For decades, rheumatoid arthritis has been treated as an inflammatory disease, with therapies aimed at calming the immune system’s attack on the joints. But while inflammation explains pain and swelling, it doesn’t fully account for pannus—the invasive, tumor-like tissue that eats away at cartilage and bone. This new research reveals a parallel engine driving RA: a tissue repair system gone rogue. Using spatial transcriptomics to map gene activity directly in human joint samples, the HSS team found that SPP1ʰⁱ macrophages break down fibrin scaffolds (a protein usually involved in clotting) and, in the process, signal nearby fibroblasts to multiply and lay down new matrix. The result? Uncontrolled tissue expansion that mimics wound healing—but with no wound to heal.
What’s more, this process operates largely independent of classic inflammatory pathways. That’s a paradigm shift. "This work suggests that rheumatoid arthritis is not only driven by inflammation but also by dysregulated tissue repair processes," Donlin said. Her team found that these macrophages thrive in niches rich in fibrin, interacting closely with fibroblasts primed for proliferation—creating a self-sustaining cycle of growth. Unlike fibrosis, where dense collagen builds up, this is “pro-generative” remodeling: dynamic, cellular, and destructive. Crucially, the study links these cells to IL-6 signaling, helping explain why drugs like tocilizumab, which block IL-6, show strong effects in some RA patients.

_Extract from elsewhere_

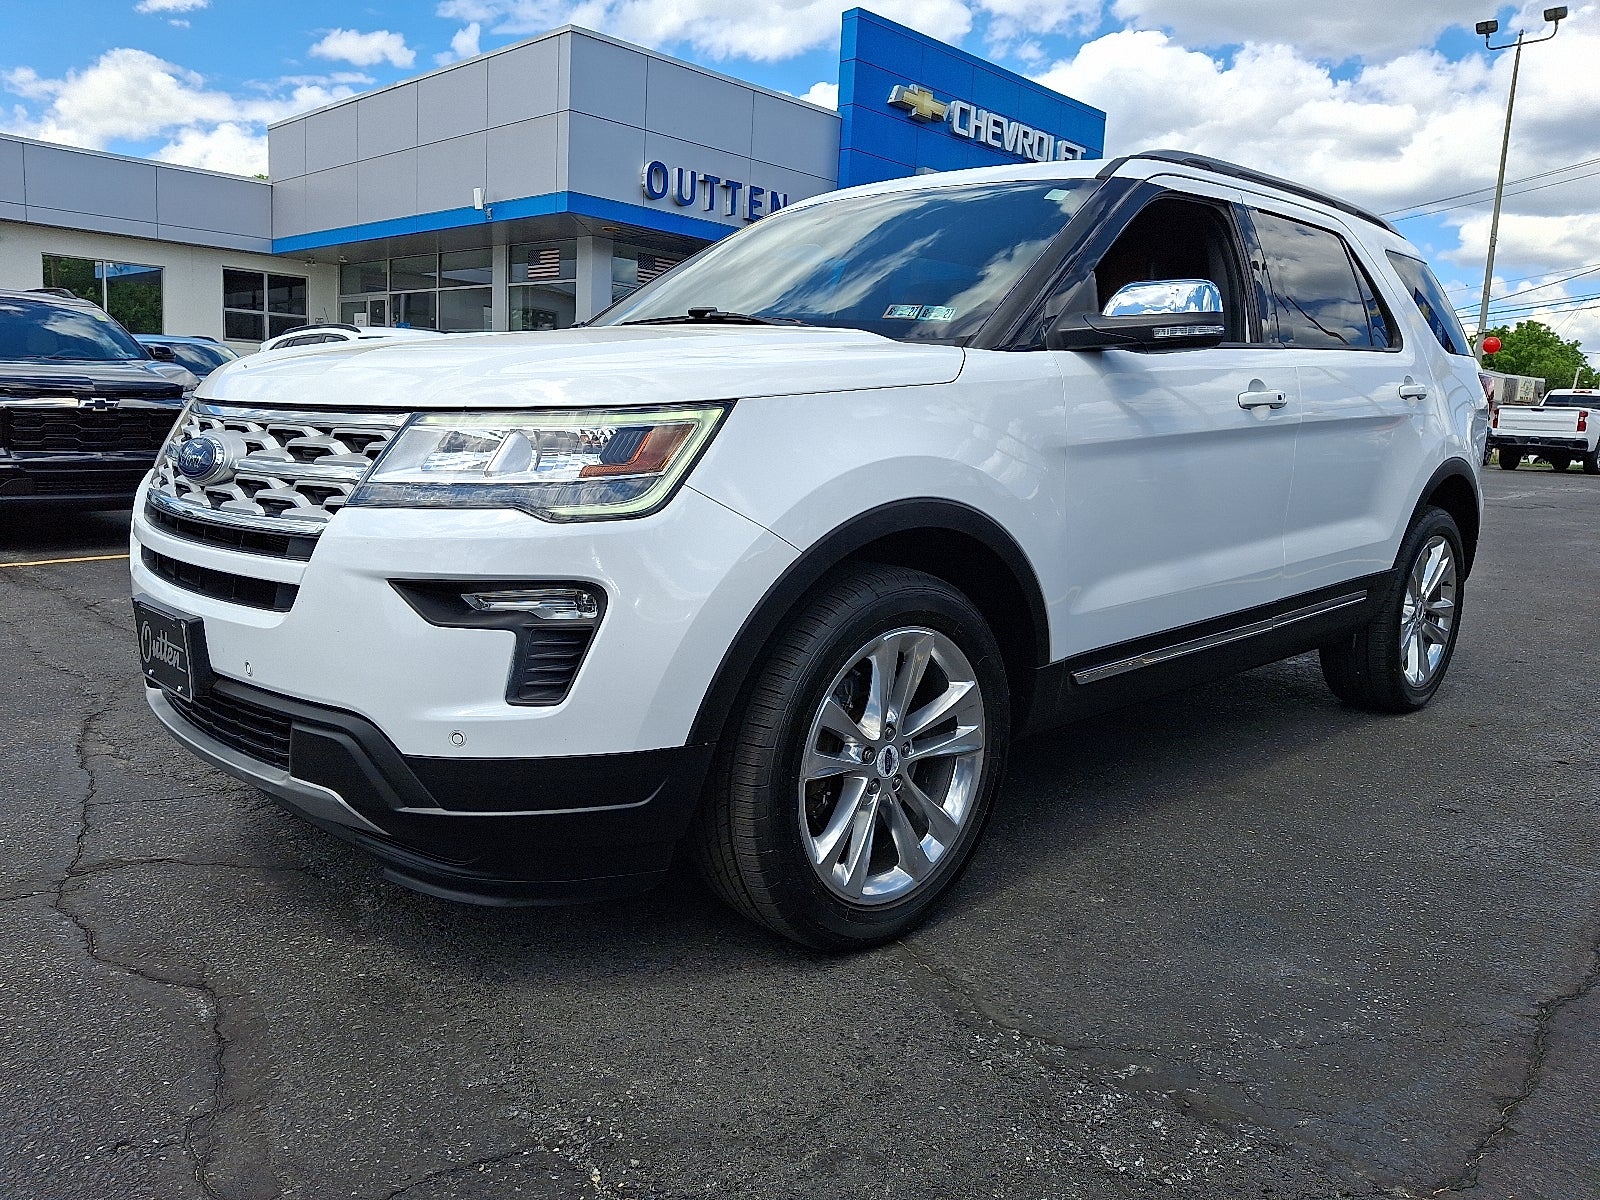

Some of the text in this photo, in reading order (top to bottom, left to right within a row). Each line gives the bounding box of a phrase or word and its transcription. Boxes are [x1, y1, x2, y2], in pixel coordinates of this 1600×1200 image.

[950, 100, 1086, 162] CHEVROLET
[642, 160, 788, 223] OUTTEN
[141, 620, 187, 673] Outten

The implications stretch beyond arthritis. SPP1ʰⁱ macrophages have been spotted in interstitial lung disease, lupus, cancer, and even traumatic injuries—suggesting this fibrin-dependent repair mechanism may be a universal, if sometimes dangerous, tool in the body’s healing arsenal. By uncovering this pathway, the HSS team isn’t just offering a new drug target for RA—they’re illuminating a fundamental biological process that, when misfired, can cause damage across the body.
Now, the focus shifts to precision. If future therapies can disrupt the SPP1ʰⁱ macrophage-fibroblast dialogue without halting healthy repair, patients might one day avoid joint destruction without broad immunosuppression. For the 1.3 million Americans living with RA, that’s not just progress—it’s hope, rebuilt from the ground up.